Por Francisco Reyes
TORONTO. El crimen, calificado como ‘sacrilegio’ por dicha diócesis y repudiado por la jerarquía eclesiástica de San Salvador, generó una ola de indignación en el país, que mantiene fresca la memoria de los asesinatos del padre Rutilio Grande, de monseñor Oscar Arnulfo Romero y de los sacerdotes Ignacio Ellacuría, Ignacio Martín-Baró, segundo Montes, Juan Ramón Moreno y Amando López, profesores de la UCA.
Los motivos del homicidio no están esclarecidos. La policía conjetura que se trató de “un atentado directo”, sin descartar el robo, debido a que los encapuchados que lo emboscaron y ultimaron en un descampado dejaron escapar a dos jóvenes acólitos que lo acompañaban para ir a celebrar los oficios del jueves Santo en su natal Lolotique, donde fue sepultado el pasado lunes 2 de abril.

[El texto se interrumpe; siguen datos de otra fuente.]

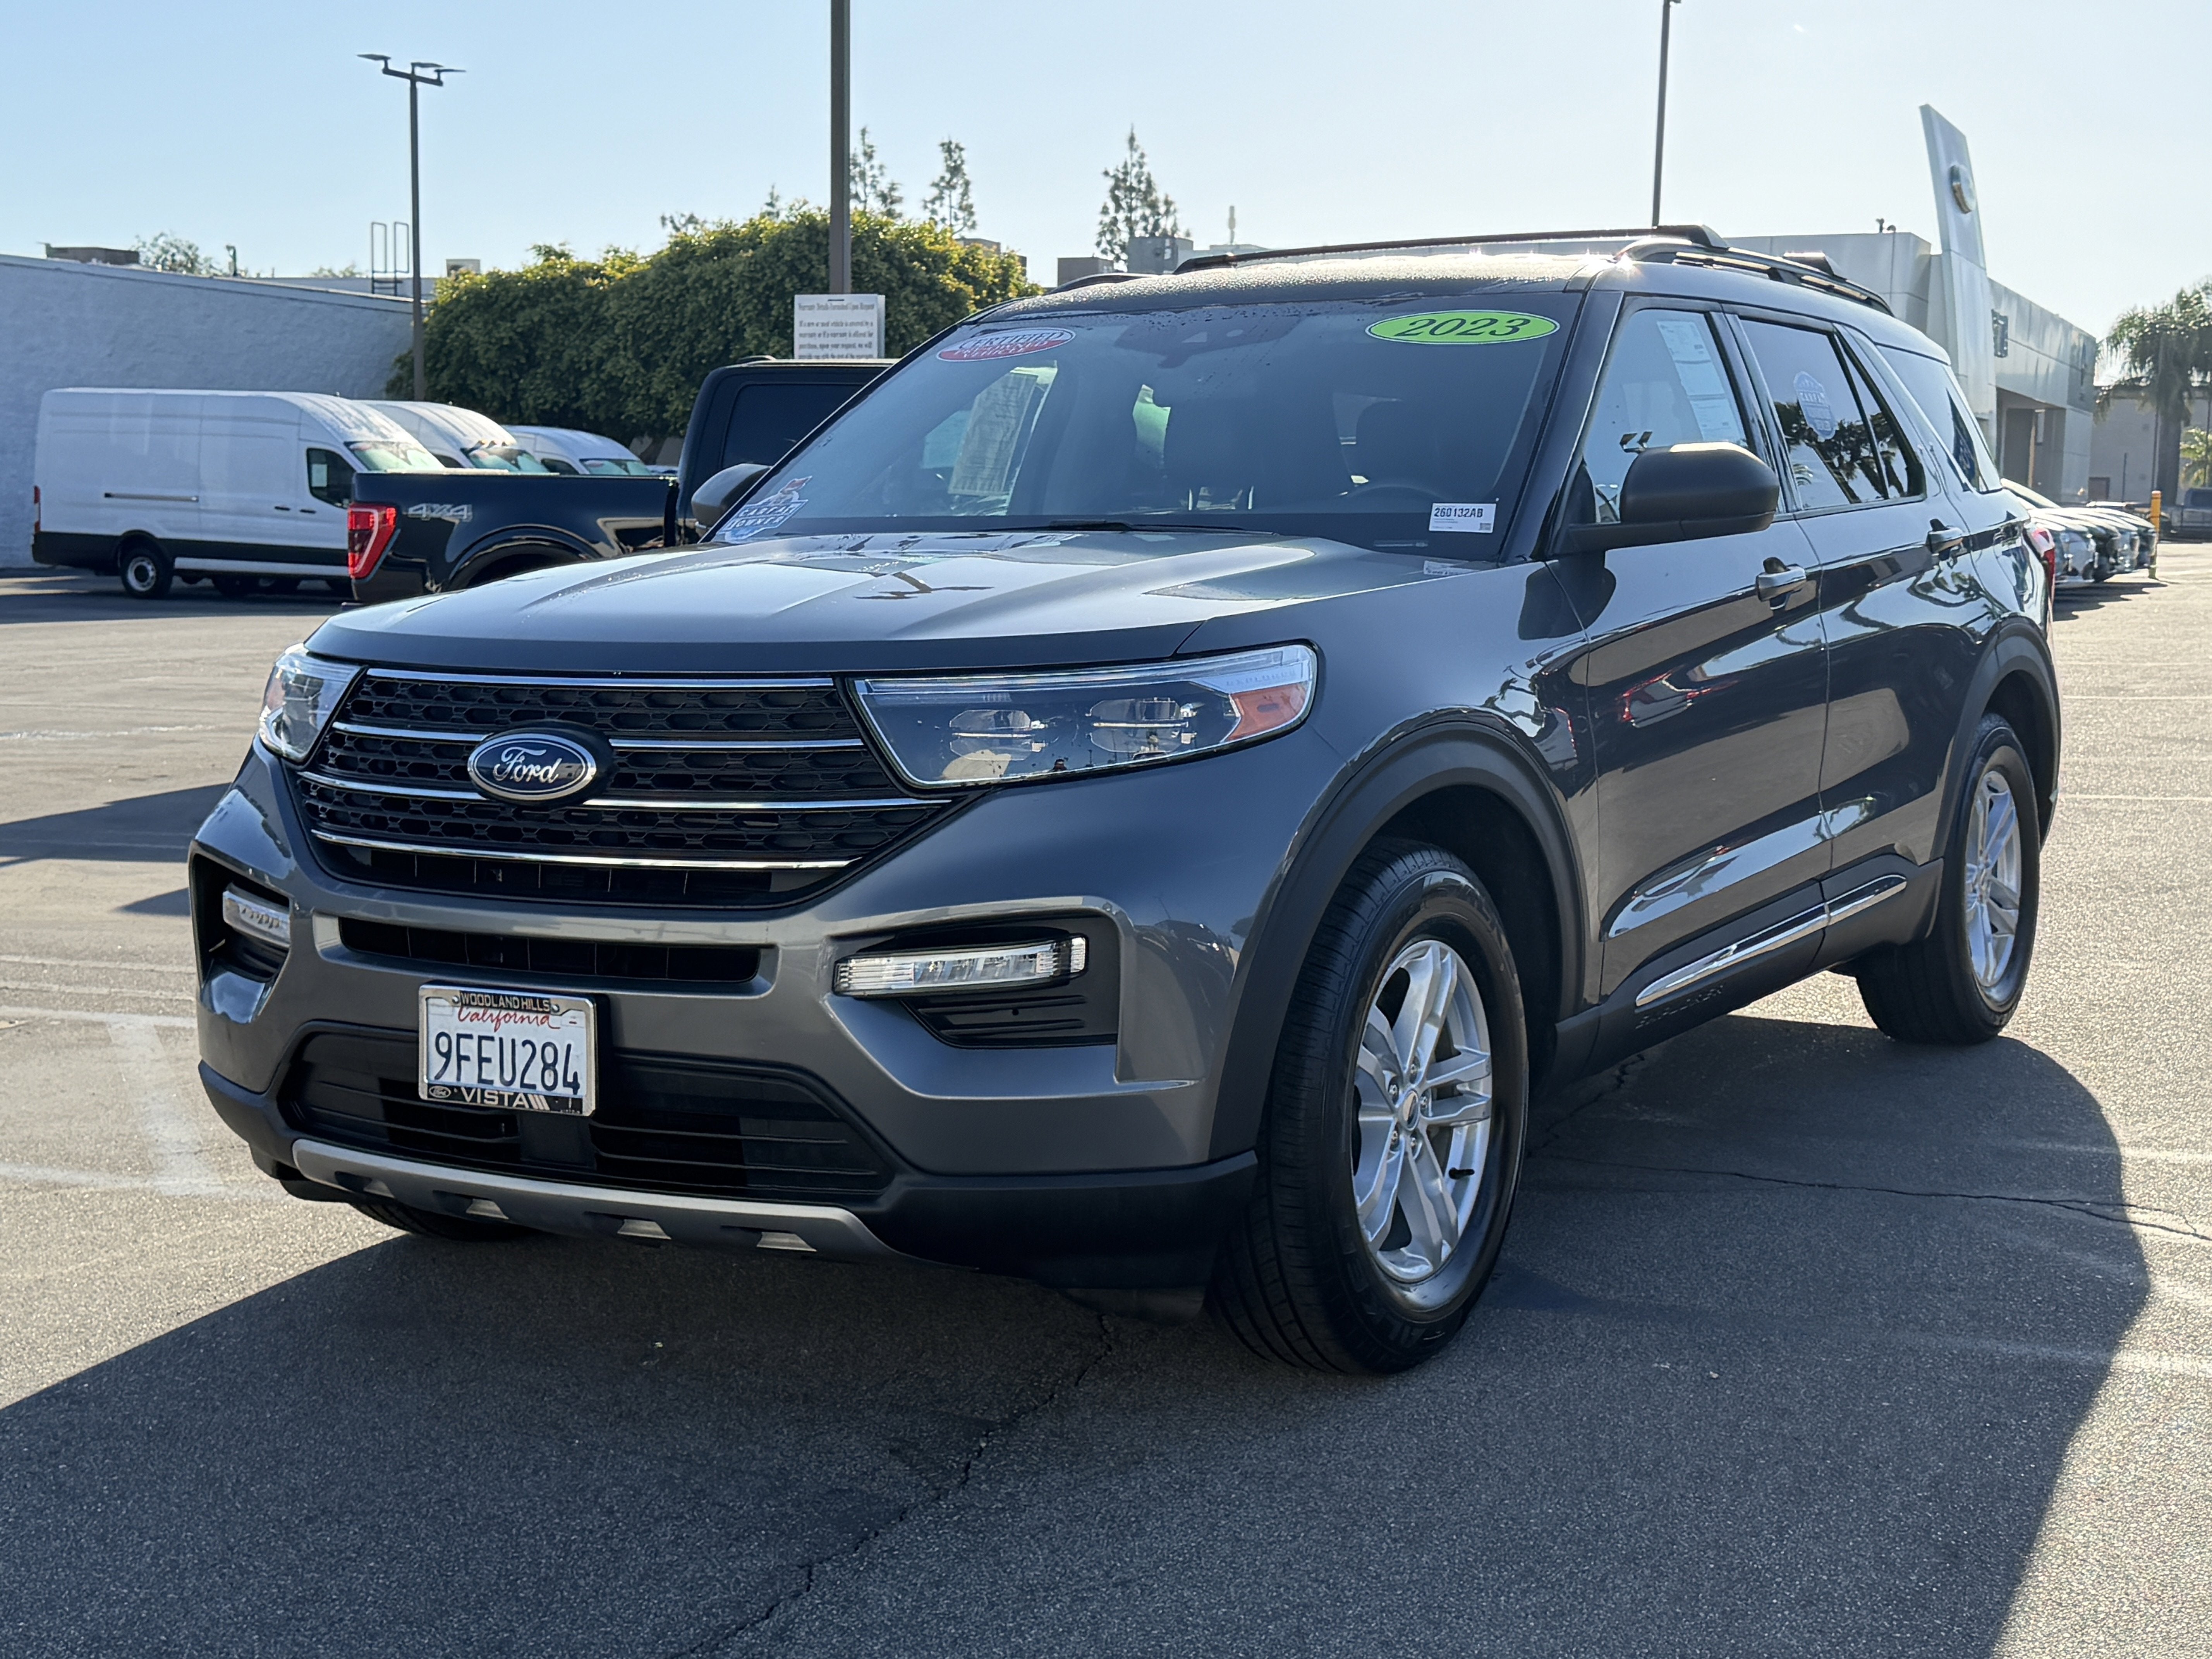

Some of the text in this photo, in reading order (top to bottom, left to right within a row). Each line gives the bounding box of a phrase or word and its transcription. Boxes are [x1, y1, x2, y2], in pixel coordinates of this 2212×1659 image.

[1393, 318, 1531, 337] 2023
[1434, 508, 1484, 518] 260132AB
[493, 747, 562, 783] Ford
[460, 992, 550, 1012] WOODLAND HILLS
[458, 1006, 561, 1032] California
[434, 1031, 580, 1095] 9FEU284
[461, 1087, 530, 1109] VISTA
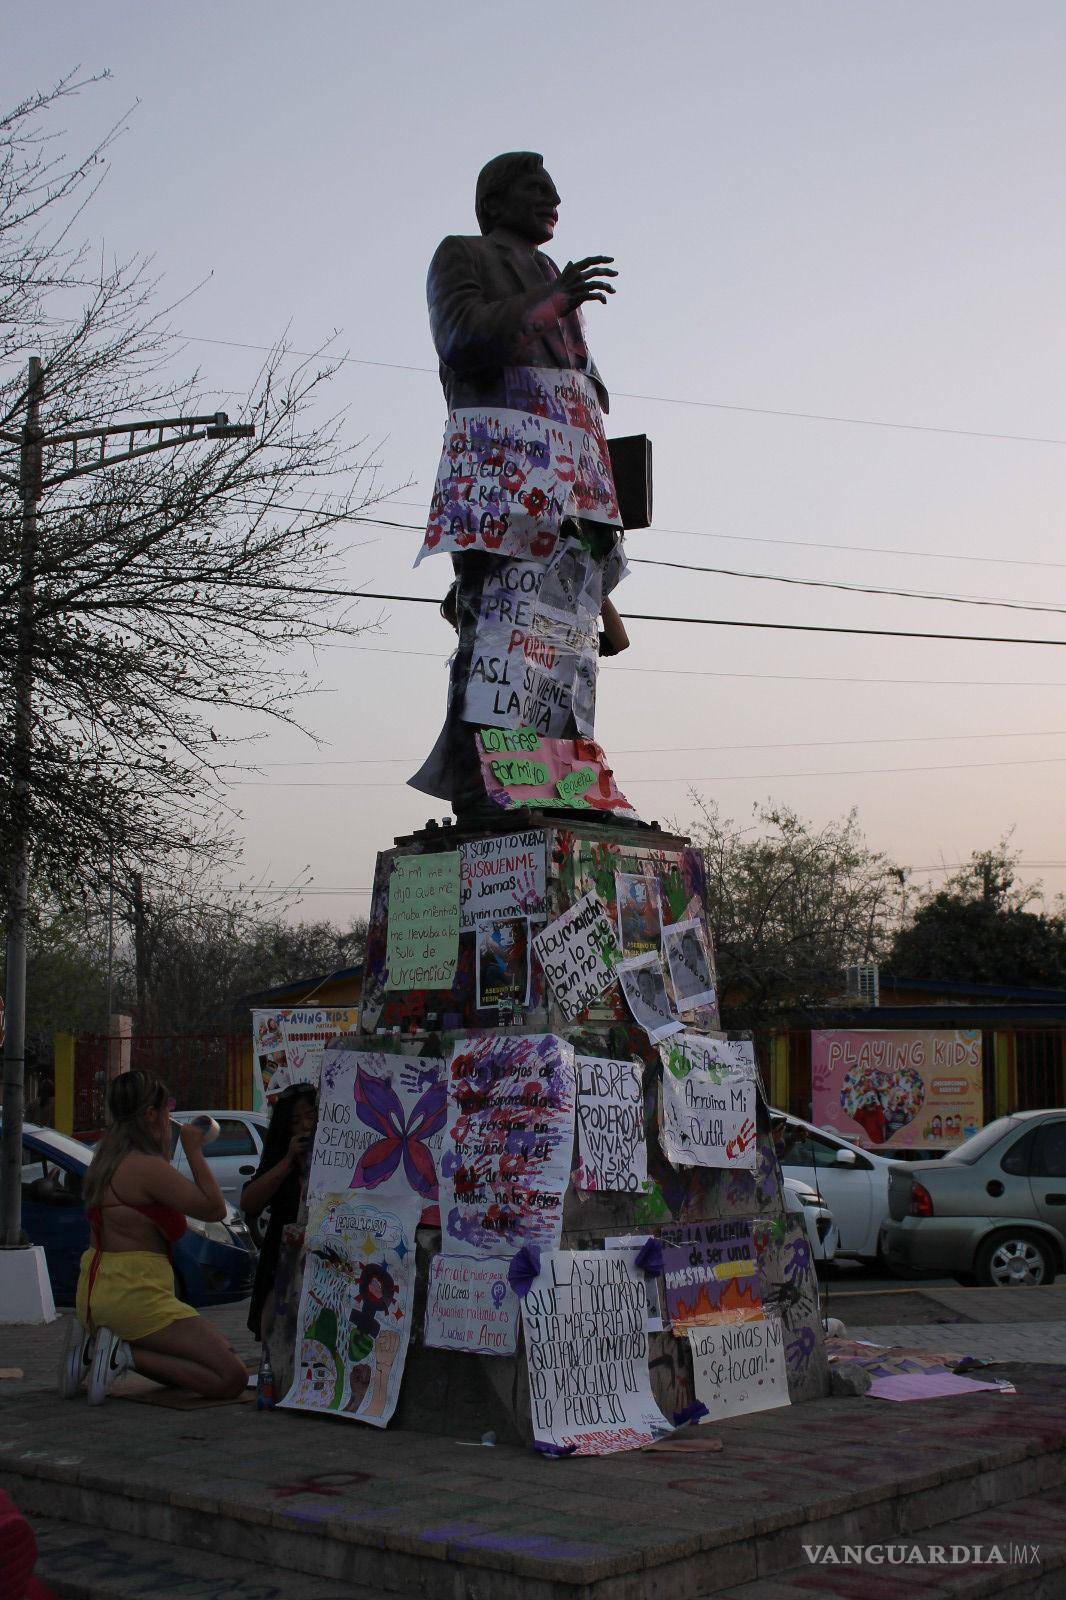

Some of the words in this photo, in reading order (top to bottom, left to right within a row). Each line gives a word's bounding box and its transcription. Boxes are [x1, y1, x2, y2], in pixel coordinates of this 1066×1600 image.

Lo cierto es que el crimen se produjo en una zona donde opera la temible ‘Mara Salvatrucha’, por lo que fuentes allegadas al padre Walter consideran que “lo mataron por predicar contra la violencia de las pandillas”.
El padre Vásquez es el primer sacerdote asesinado presumiblemente por la delincuencia de los antisociales mareros en El Salvador después de los Acuerdos de Paz de 1992.
Al establecer comparaciones entre este crimen y los asesinatos arriba mencionados, vemos que los escenarios y los motivos son completamente distintos.
El padre Rutilio Grande, monseñor Romero, el padre Ellacuría y sus jesuitas fueron víctimas selectas de los altos mandos militares que gobernaron en El Salvador desde los años de preguerra hasta el momento en que era casi imposible frenar el conflicto armado que dejó en el país centroamericano un saldo de 75 mil muertos, 8 mil desaparecidos y más de un millón de exiliados.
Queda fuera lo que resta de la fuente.